PROVIDED MATERIAL Block Start

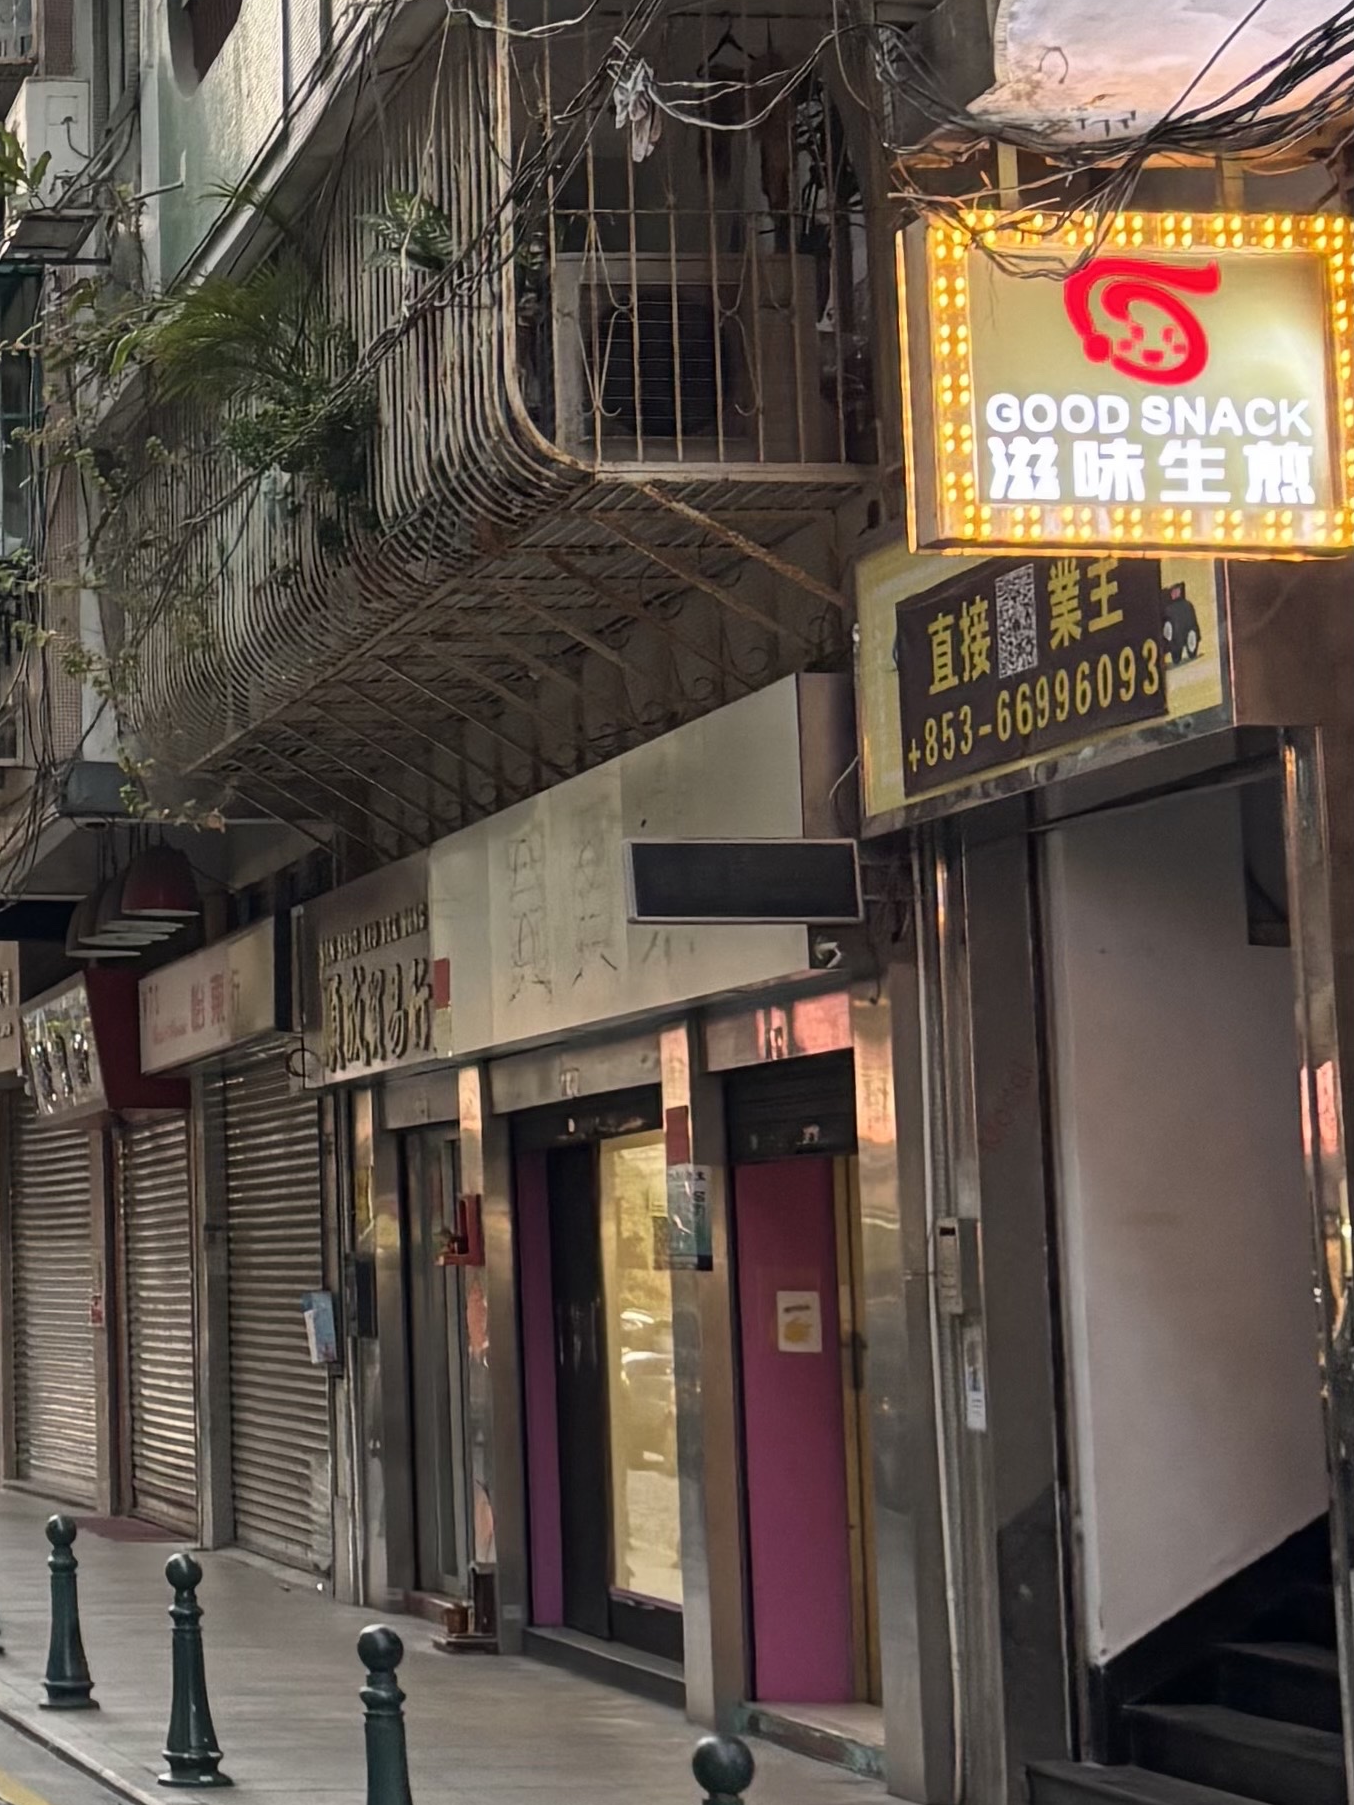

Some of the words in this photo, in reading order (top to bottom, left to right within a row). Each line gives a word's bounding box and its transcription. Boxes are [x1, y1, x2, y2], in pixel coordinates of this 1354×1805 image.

[986, 393, 1130, 433] GOOD
[1141, 396, 1312, 437] SNACK
[928, 594, 991, 695] 直接
[908, 639, 1160, 773] +853-66996093
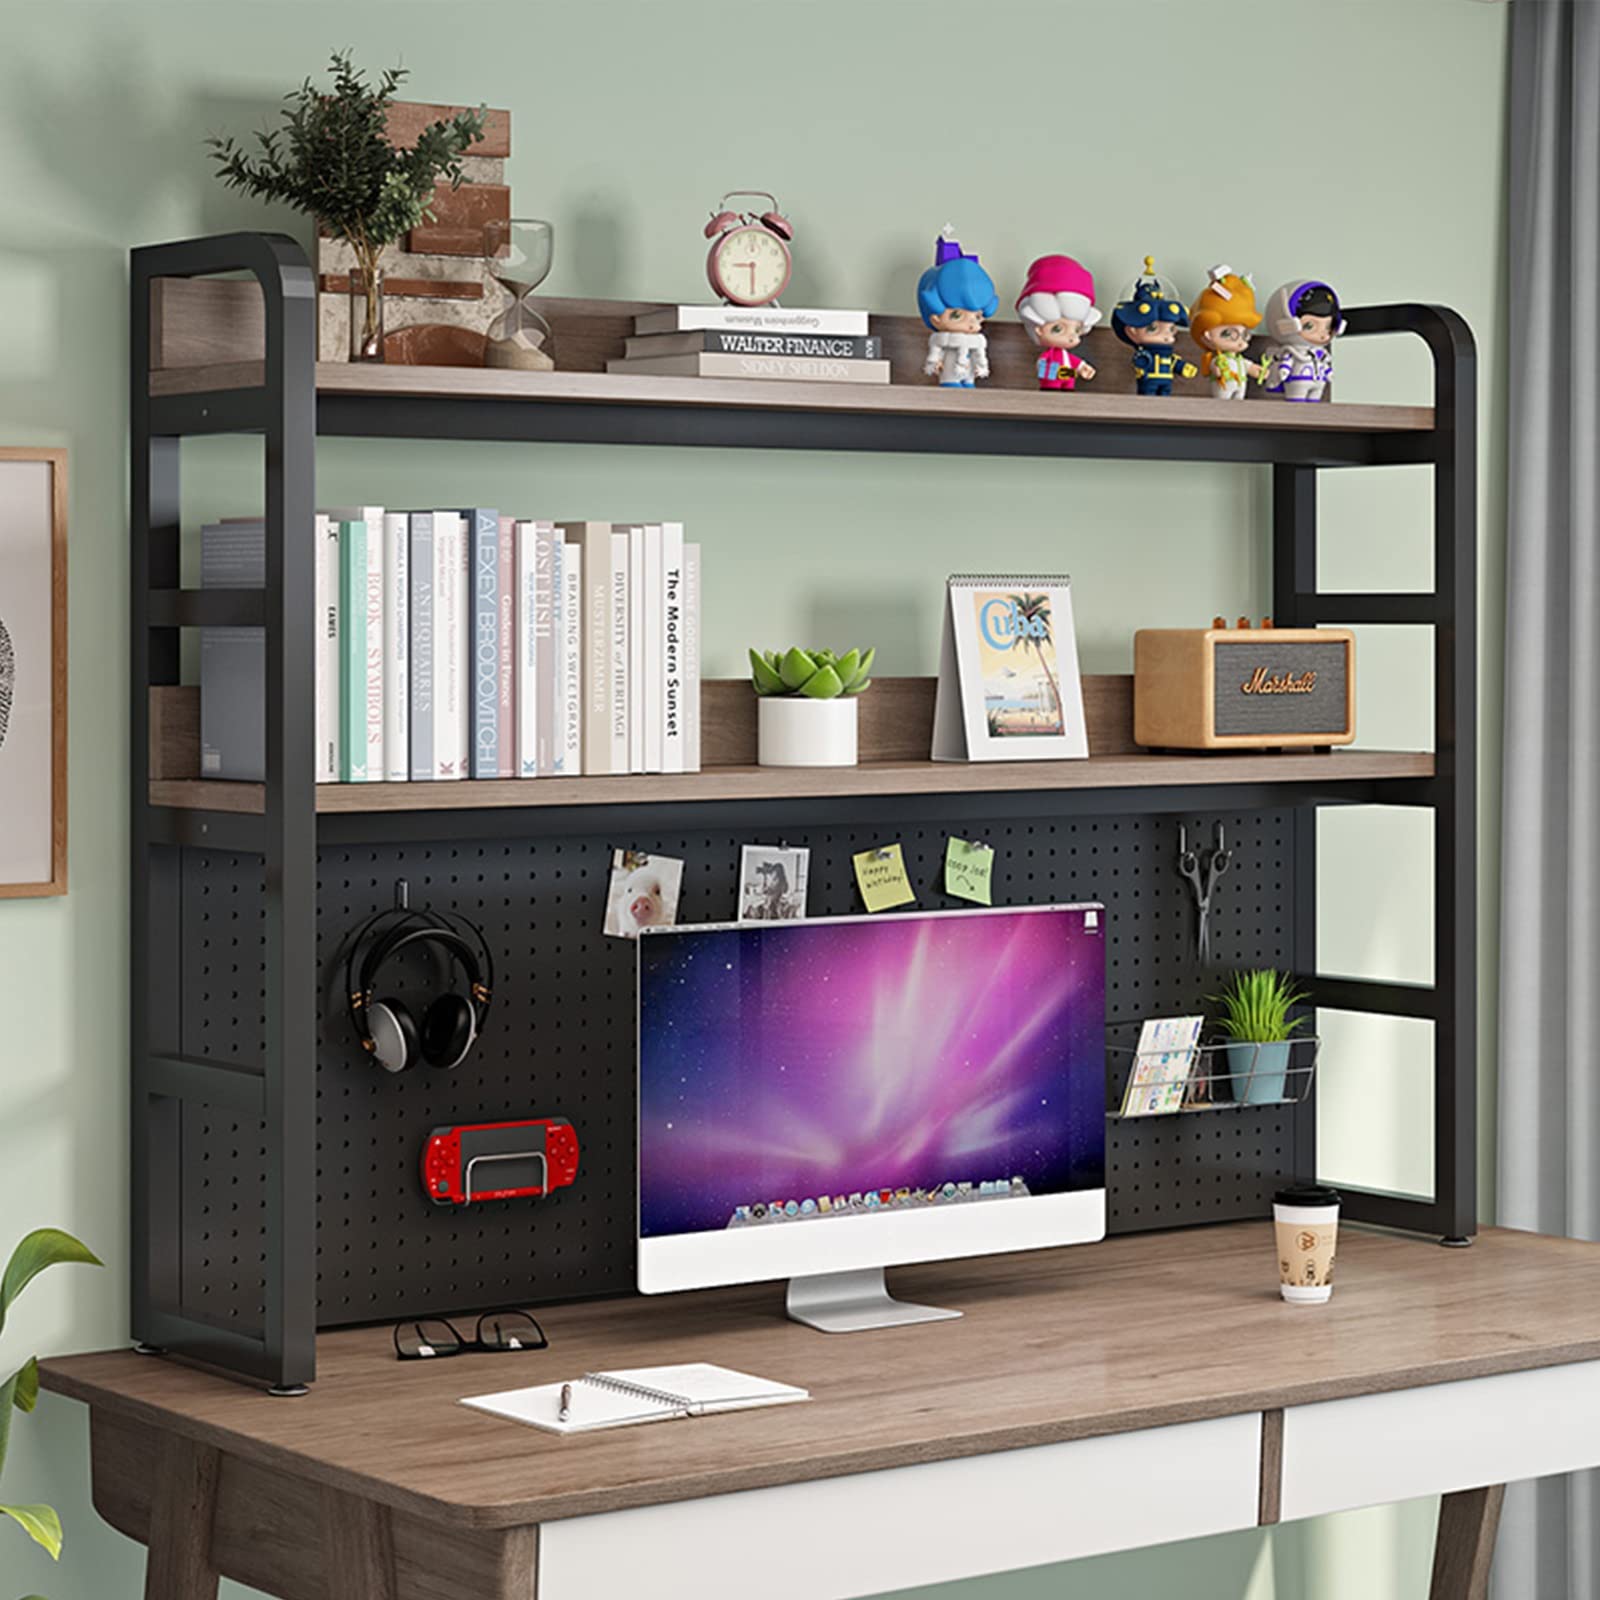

PROVIDED MATERIAL Block End

**PROBLEM STATEMENT:**
Hand back the records above exactly, leaving out every picture.

**ANSWER SECTION:**
Some of the words in this photo, in reading order (top to bottom, left to right within a row). Each line gives a word's bounding box and its transcription. Boxes are [x1, y1, x2, y2], in pixel coordinates of this 1354×1805 image.

[986, 393, 1130, 433] GOOD
[1141, 396, 1312, 437] SNACK
[928, 594, 991, 695] 直接
[908, 639, 1160, 773] +853-66996093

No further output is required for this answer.